# Task to complete:
Copy every record exactly, leaving the pictures out.

*** Data to examine ***

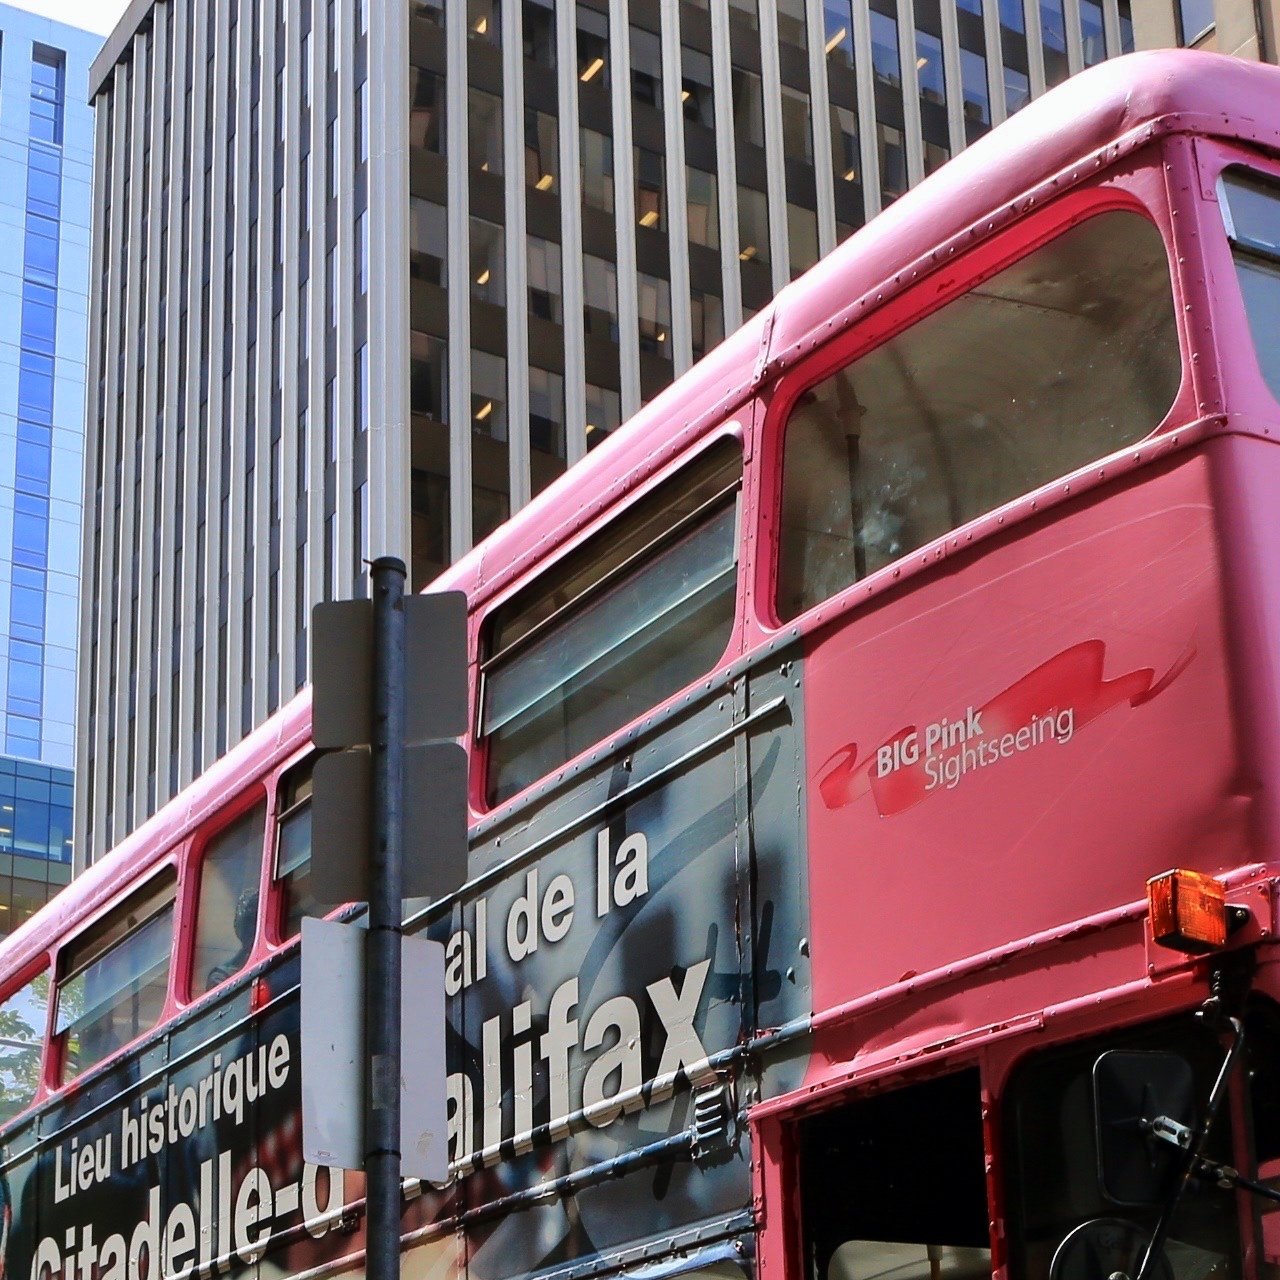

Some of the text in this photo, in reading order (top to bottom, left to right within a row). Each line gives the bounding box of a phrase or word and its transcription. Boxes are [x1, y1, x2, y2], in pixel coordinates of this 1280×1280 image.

[877, 706, 984, 778] BIG Pink
[924, 707, 1074, 791] Sightseeing
[54, 1130, 112, 1203] Lieu
[121, 1033, 291, 1171] historique
[506, 868, 575, 963] de
[597, 826, 649, 918] la

*** End of Data to examine ***

# Output of the task:
Some of the text in this photo, in reading order (top to bottom, left to right within a row). Each line gives the bounding box of a phrase or word and its transcription. Boxes are [x1, y1, x2, y2], in pixel coordinates of this 1280×1280 image.

[877, 706, 984, 778] BIG Pink
[924, 707, 1074, 791] Sightseeing
[54, 1130, 112, 1203] Lieu
[121, 1033, 291, 1171] historique
[506, 868, 575, 963] de
[597, 826, 649, 918] la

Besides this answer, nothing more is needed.